O grande problema da política de Jequié tem sua raiz fincada no mesmismo de antanho. Não é o político pela política, mas o político pelo poder. Pode até alguém discordar dessa minha teoria, sob alegação de que em todo lugar é assim. Ocorre que só posso falar do que vivo e conheço. Existe diferença? O meu velho Lello me traduz assim a palavra política: ” arte de governar um estado. A verdadeira política é honesta. Negocios que interessam ao Estado.” Aquele que age sob essa tradução, exercita a arte de governar, é o político pela politíca.
Nenhum negócio é mais importânte e de interesse de um estado do que o atendimento e cuidado dispensado ao seu povo, em todas as exigências de uma sociedade, sem discriminação de cor, raça ou patrimônio financeiro. O contrário é o que chamo de político pelo poder, aquele que tem e quer a todo custo exercitar o mando, e , para não perder esse mando, insinua-se de todas as formas, atropelando critérios até. Armando qualquer tipo de acordo e coligação política, contanto que não lhe tirem o “sagrado” direito de nomear e desnomear, transferir, rebaixar e não promover os que não comungam dos “seus ideais”, métodos de administrar a coisa pública.
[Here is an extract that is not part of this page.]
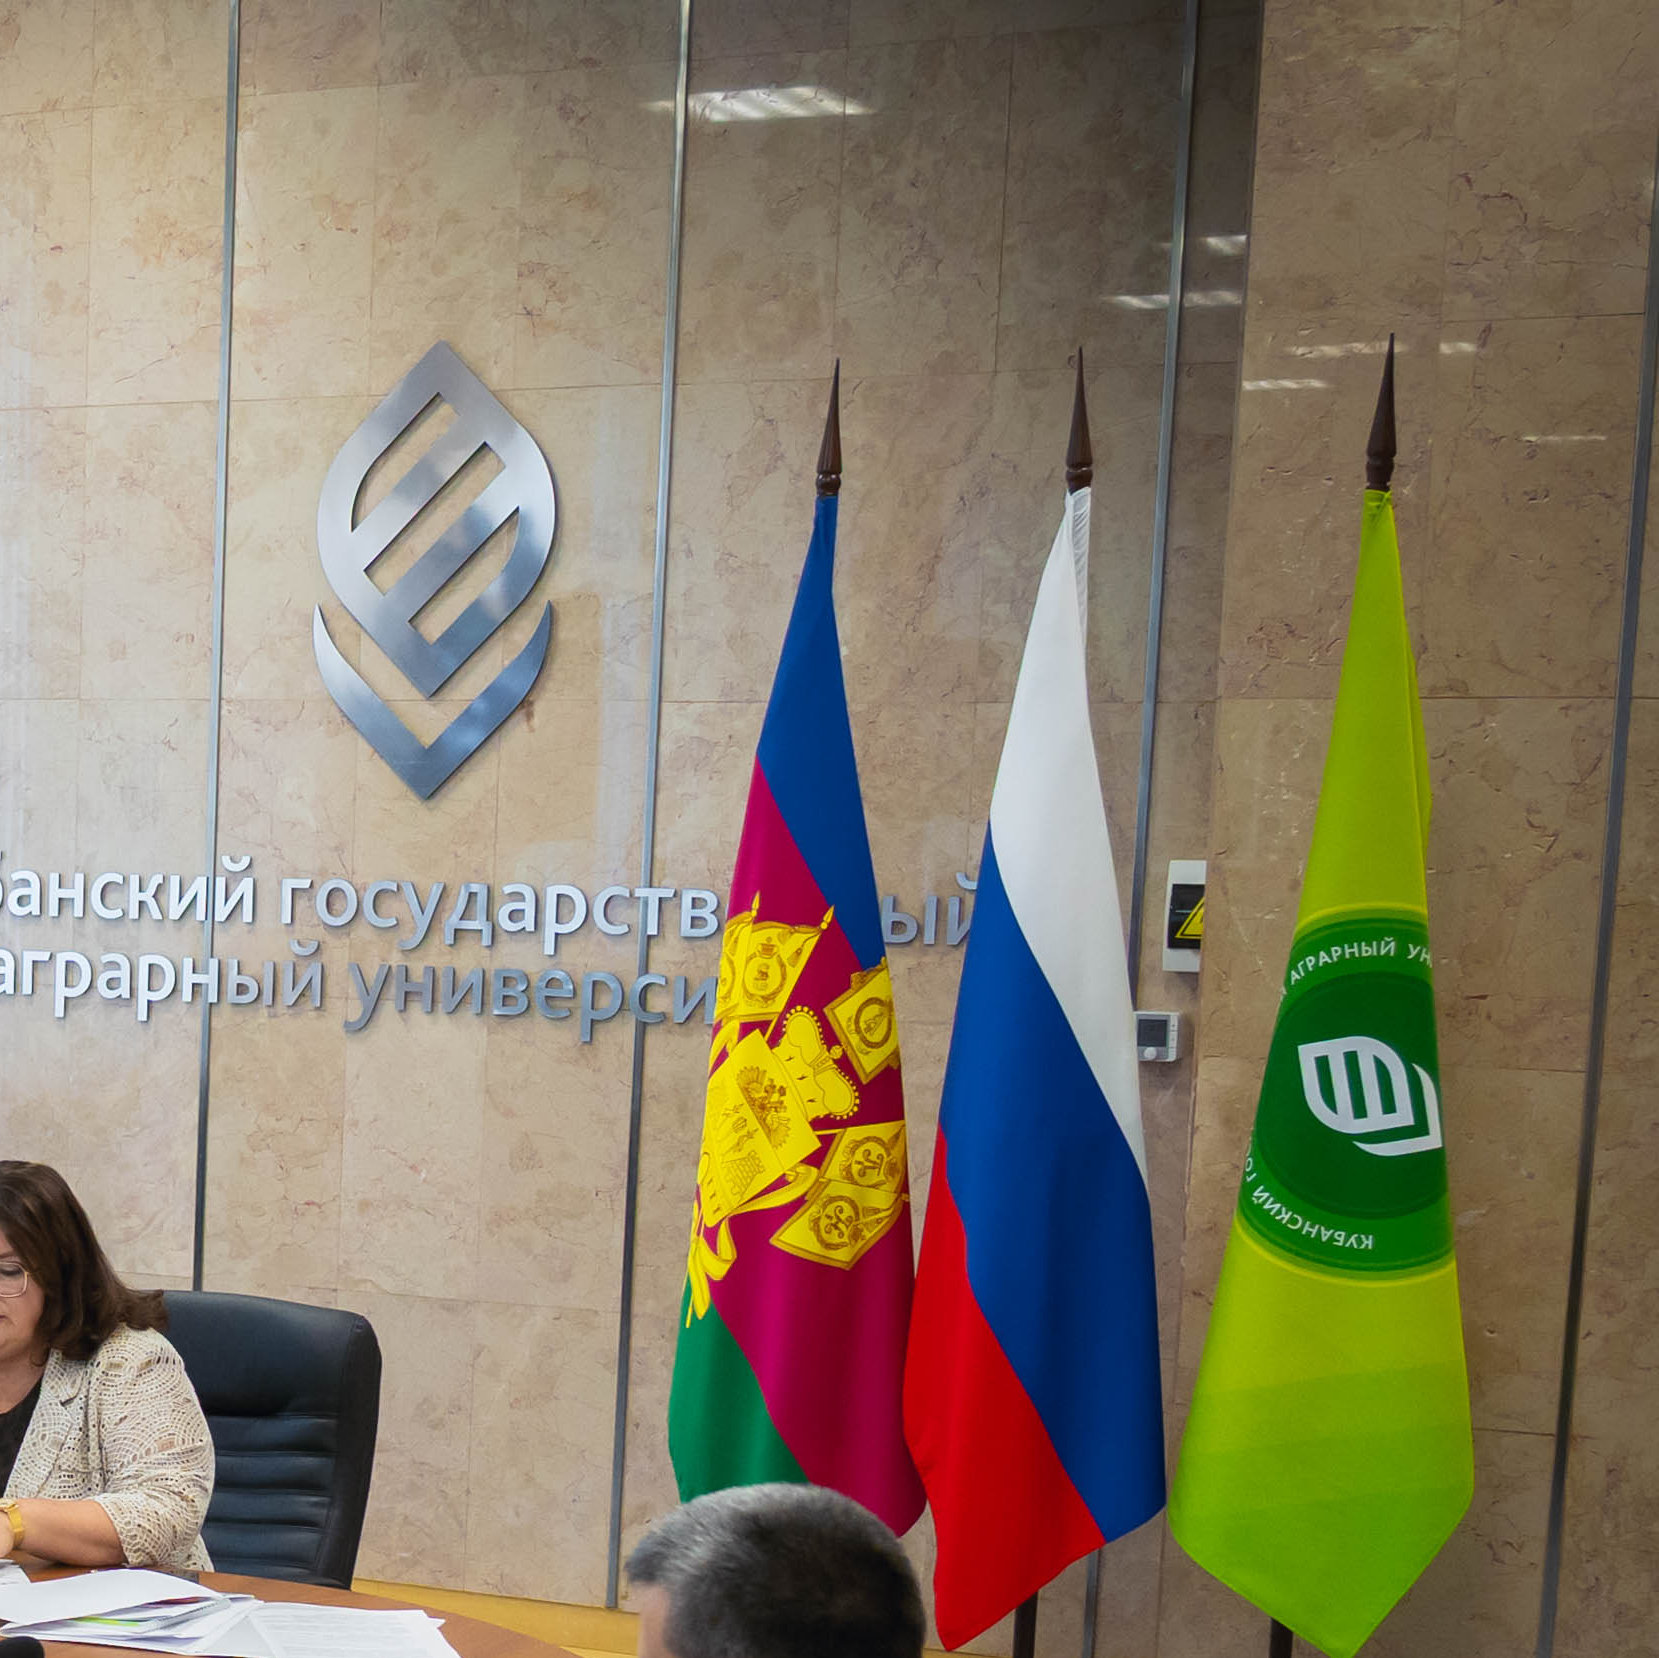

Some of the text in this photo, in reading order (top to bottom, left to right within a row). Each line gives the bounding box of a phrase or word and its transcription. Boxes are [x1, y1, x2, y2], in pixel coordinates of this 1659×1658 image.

[1289, 936, 1433, 986] АГРАРНЫЙ УН
[343, 961, 719, 1044] универси
[1251, 1184, 1375, 1250] КУБАНСКИЙ
Veja você os que reclamaram, denunciaram com seus discursos críticos, conclamando mudanças sob alegação de que só dois grupos se revezavam quando não se juntavam, para sempre continuar “mandando” na política de Jequié. Tem alguma coisa diferente dos que assumiram o poder, já há 12 anos e querem se perpetuar agora “familiarmente”?. Não adianta cobrar coerência, este é critério pra gente séria. Ou não é?
E ainda quer, a justiça eleitoral, que o voto seja do partido. Que partido? Se a realidade mostra que, no Brasil, os Partidos são todos partidos.